(Stored data Opens)

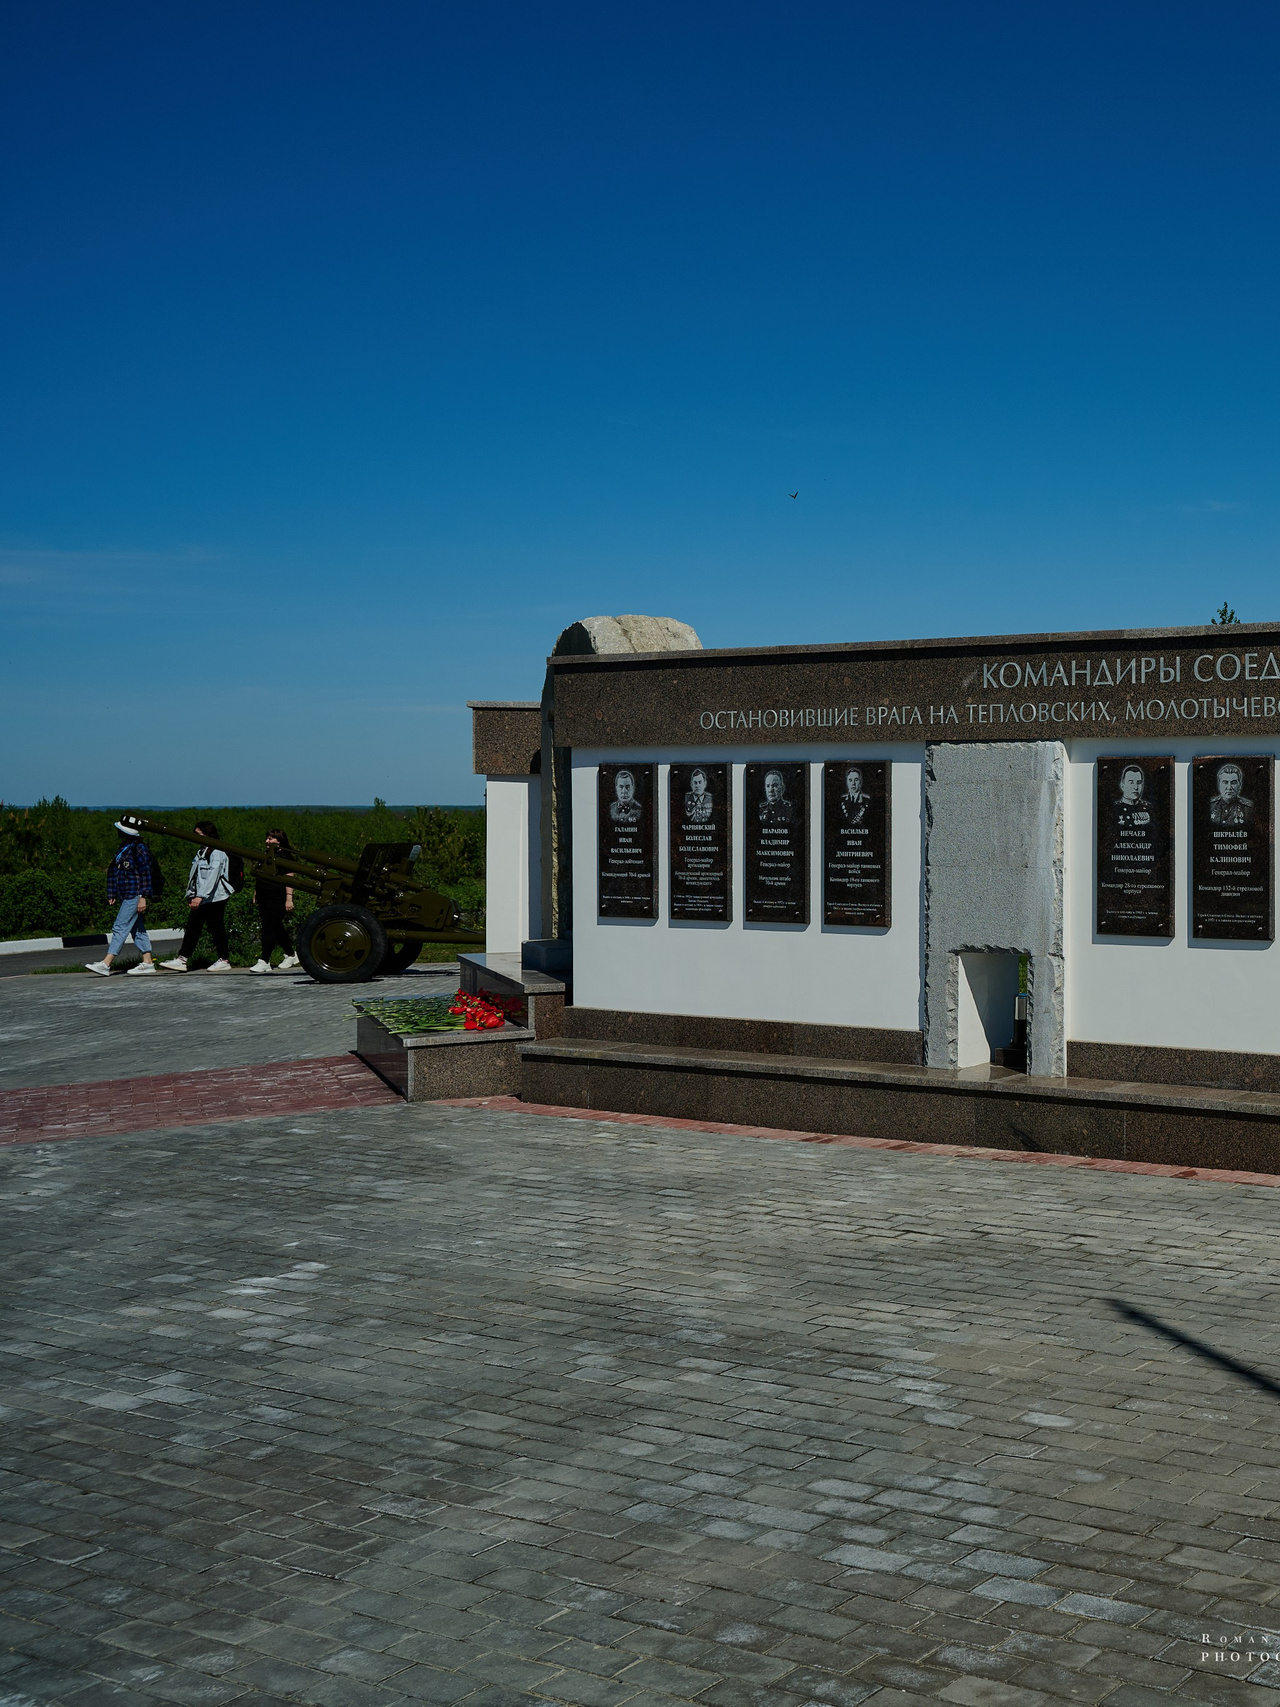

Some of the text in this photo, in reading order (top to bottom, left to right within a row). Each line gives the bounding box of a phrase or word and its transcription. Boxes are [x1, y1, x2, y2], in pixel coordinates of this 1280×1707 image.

[983, 656, 1181, 689] КОМАНДИРЫ
[699, 707, 859, 729] ОСТАНОВИВШИЕ
[866, 705, 923, 727] ВРАГА
[930, 704, 959, 725] НА
[965, 701, 1117, 725] ТЕПЛОВСКИХ,
[1213, 843, 1248, 851] ТИМОФЕЙ
[1111, 854, 1156, 862] НИКОЛАЕВИЧ
[1114, 867, 1153, 875] Генерал-майор
[1211, 869, 1252, 877] Генерал-майор
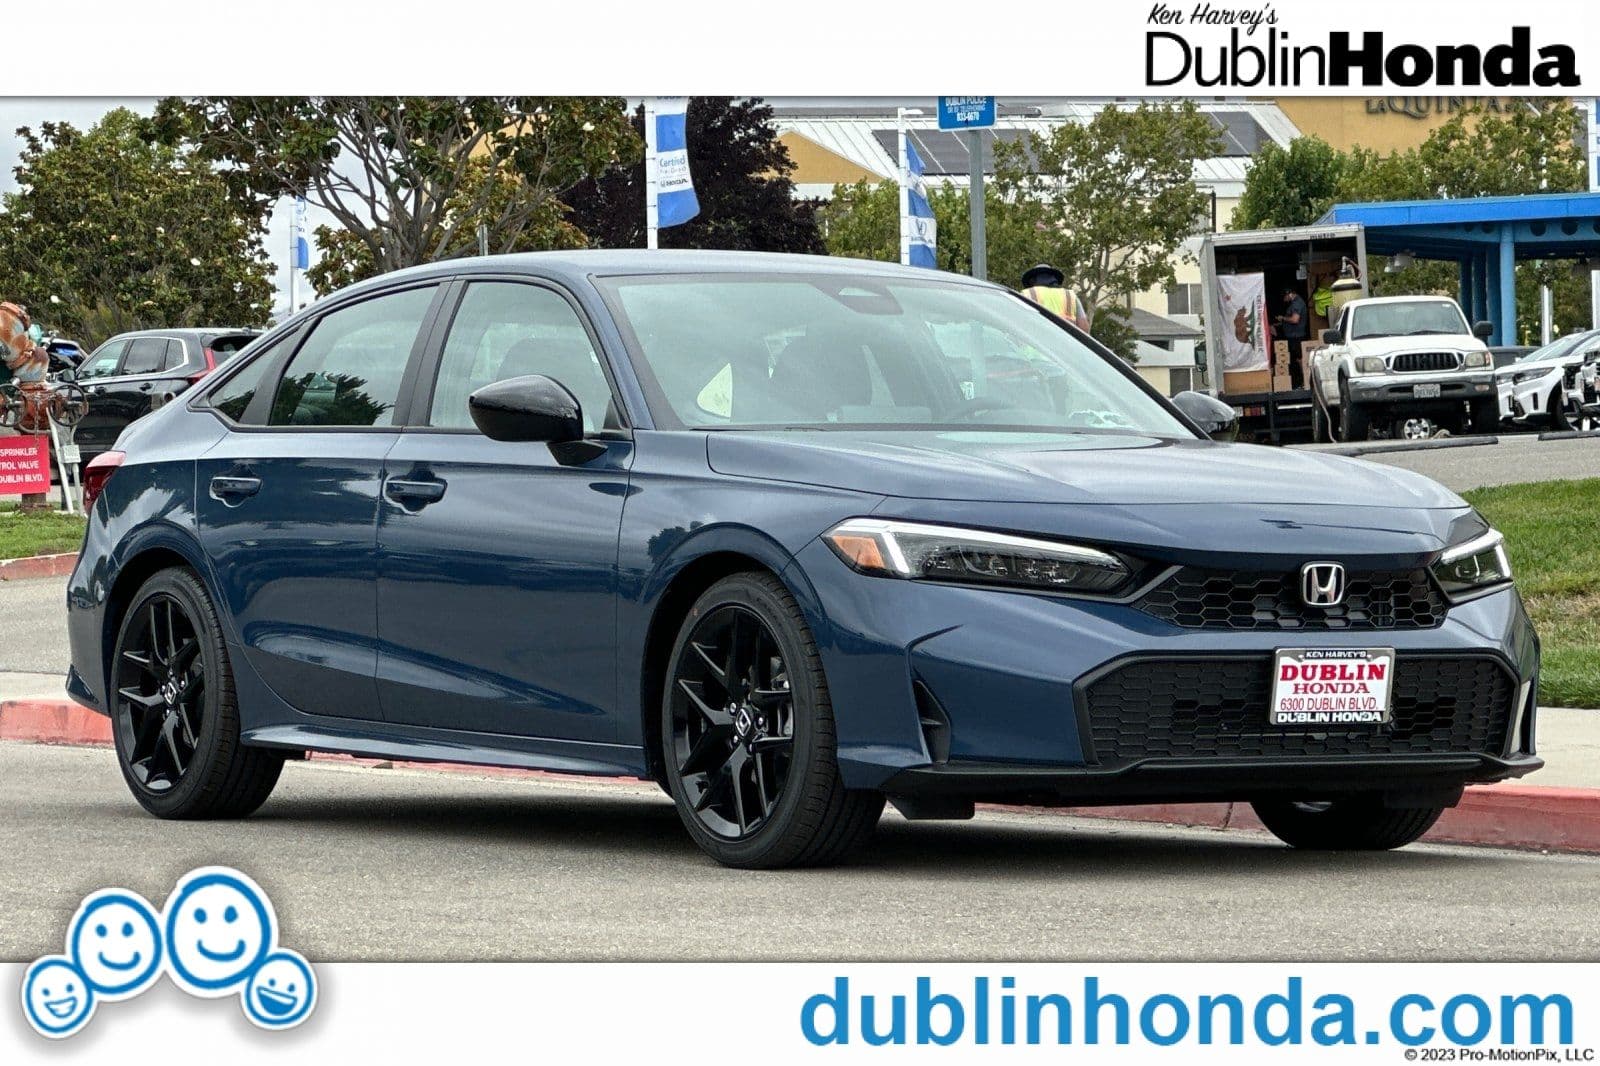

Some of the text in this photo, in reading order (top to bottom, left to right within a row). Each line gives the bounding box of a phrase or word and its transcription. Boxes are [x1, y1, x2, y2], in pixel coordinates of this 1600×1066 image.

[0, 447, 38, 457] SPRINKLER
[17, 460, 40, 470] VALVE
[1325, 650, 1367, 658] HARVEY'S
[1280, 664, 1386, 681] DUBLIN
[1293, 683, 1370, 694] HONDA
[1280, 697, 1378, 711] 6300 DUBLIN BLVD.
[1277, 711, 1381, 723] DUBLIN HONDA
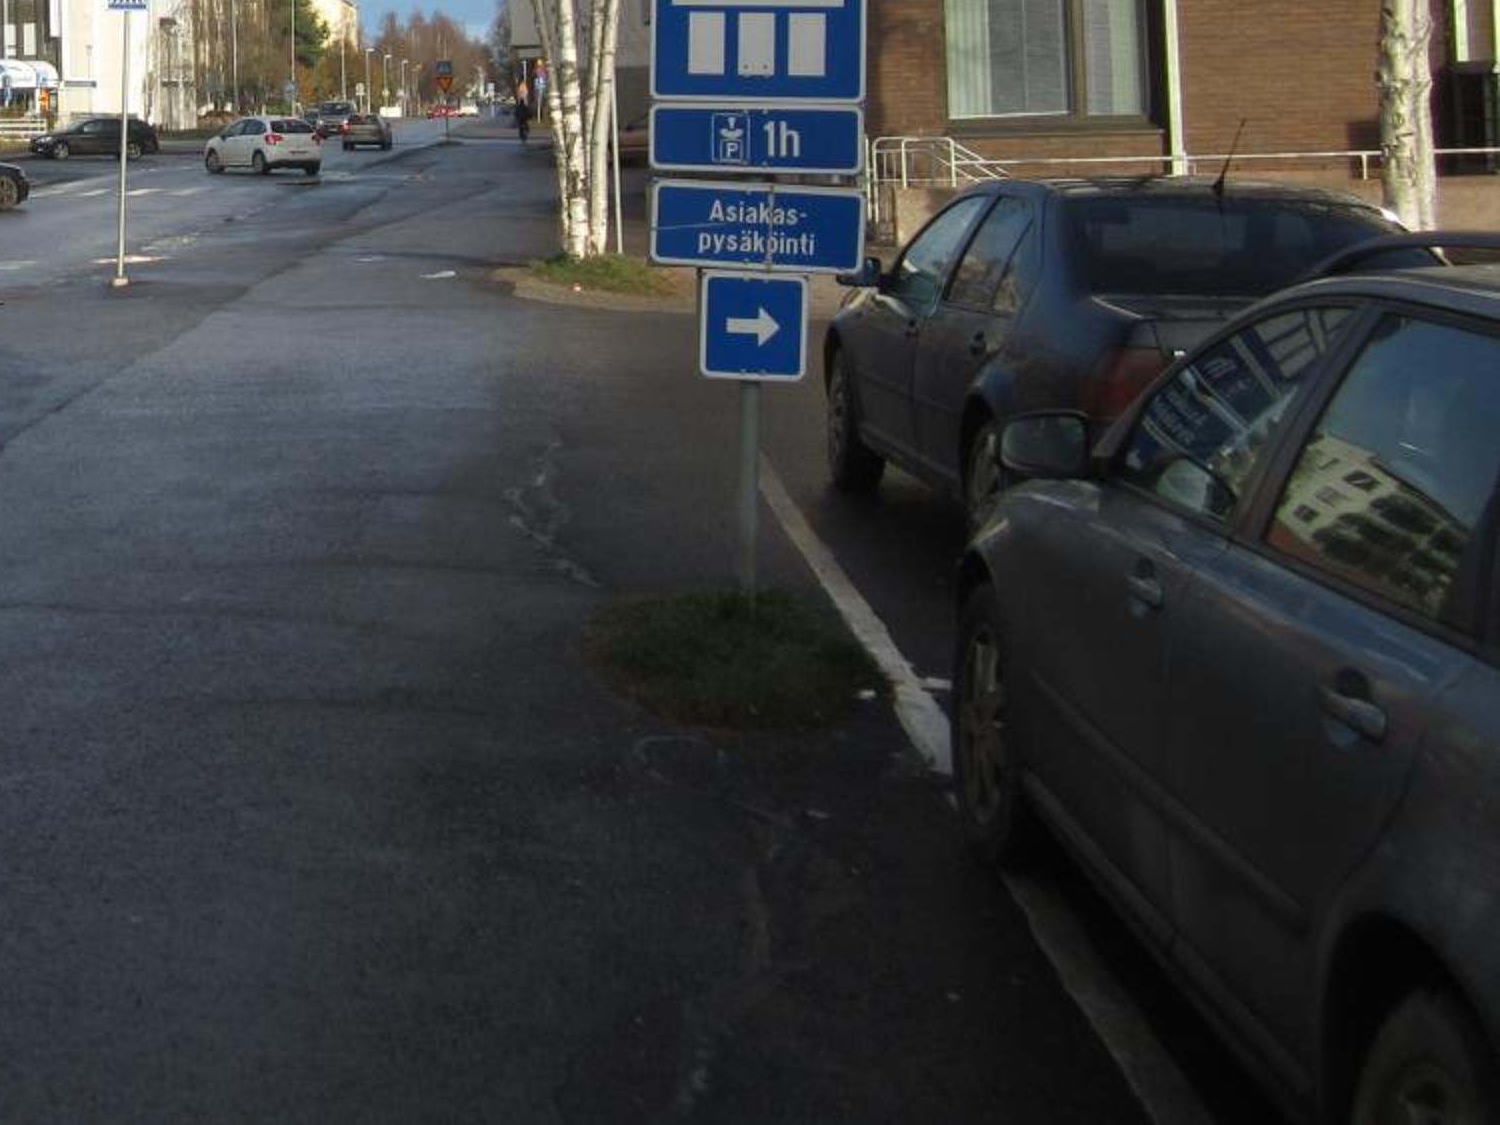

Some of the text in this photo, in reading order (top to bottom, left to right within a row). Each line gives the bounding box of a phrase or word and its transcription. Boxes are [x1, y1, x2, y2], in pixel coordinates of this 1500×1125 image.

[726, 121, 800, 157] P 1h
[708, 199, 807, 225] Asiakas-
[698, 230, 816, 256] pysäköinti
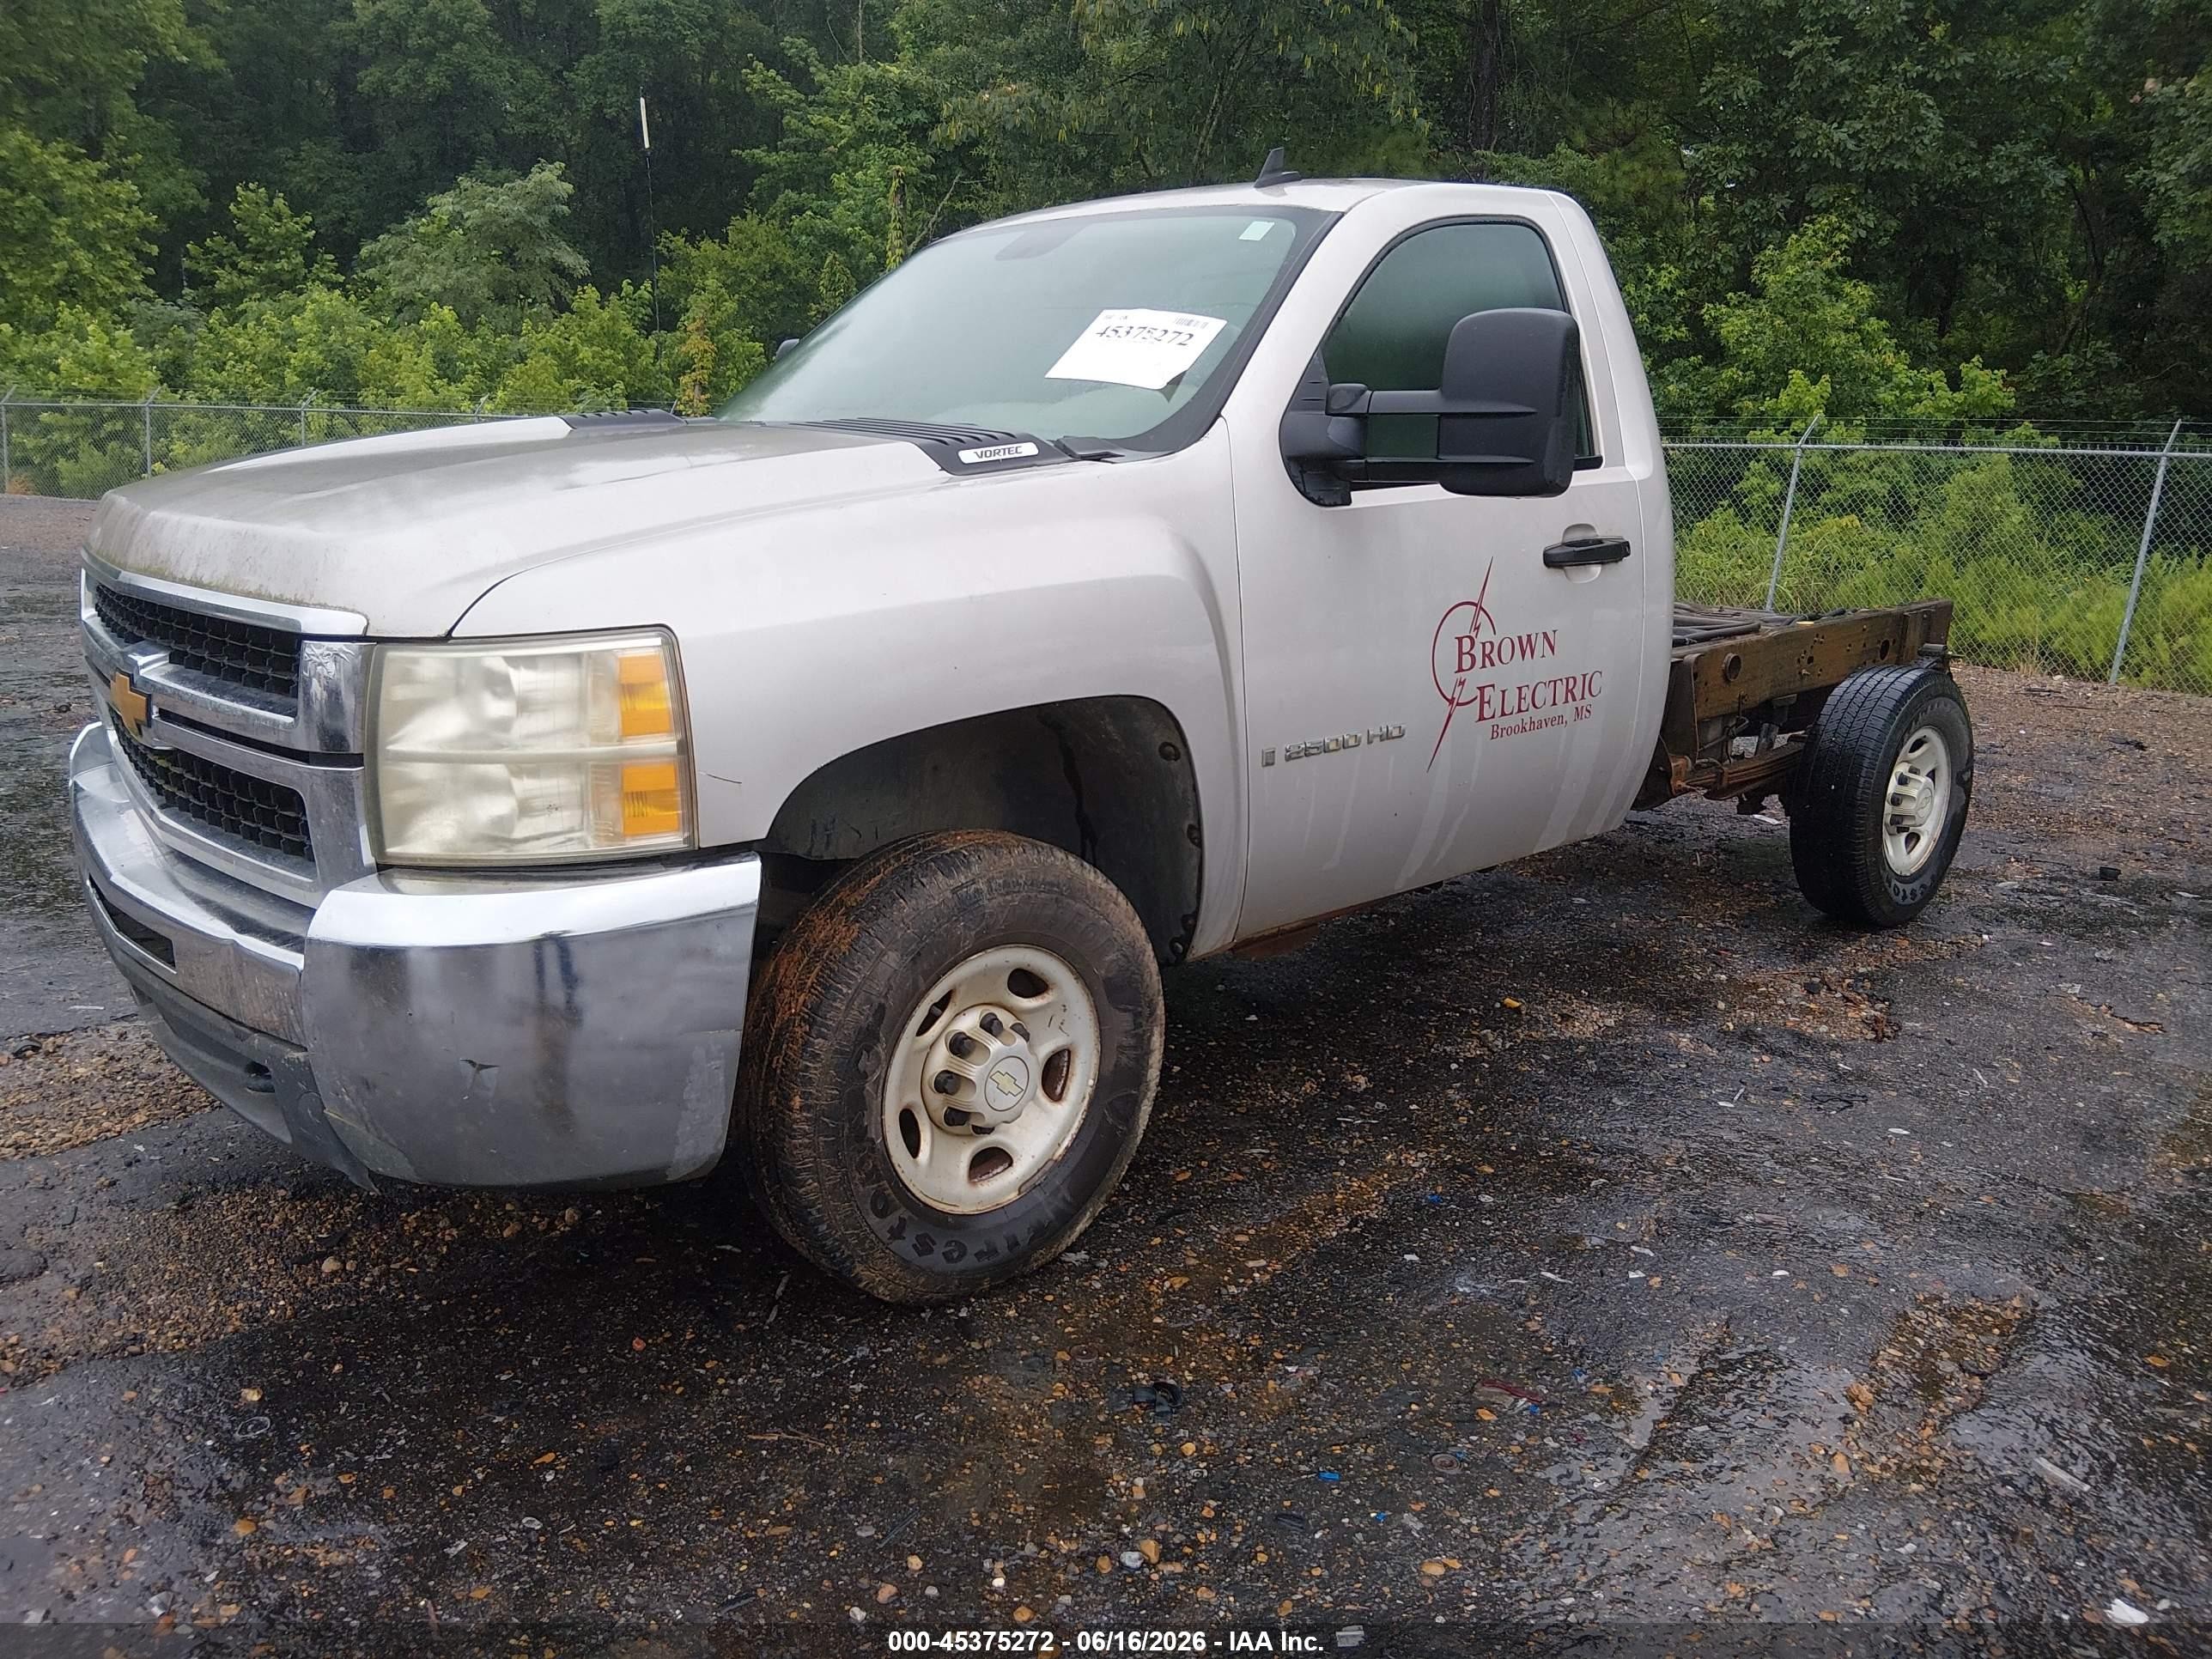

(Stored data Closes)

Work item
Give again exactly the lines from the one that contains "this 1500×1125 image." through the end of the material, both ends included, omitting the pictures.

Exercise result
Some of the text in this photo, in reading order (top to bottom, left to right within a row). Each line gives the bounding box of a phrase or word and its transcription. Boxes are [x1, y1, x2, y2], in pixel coordinates of this 1500×1125 image.

[726, 121, 800, 157] P 1h
[708, 199, 807, 225] Asiakas-
[698, 230, 816, 256] pysäköinti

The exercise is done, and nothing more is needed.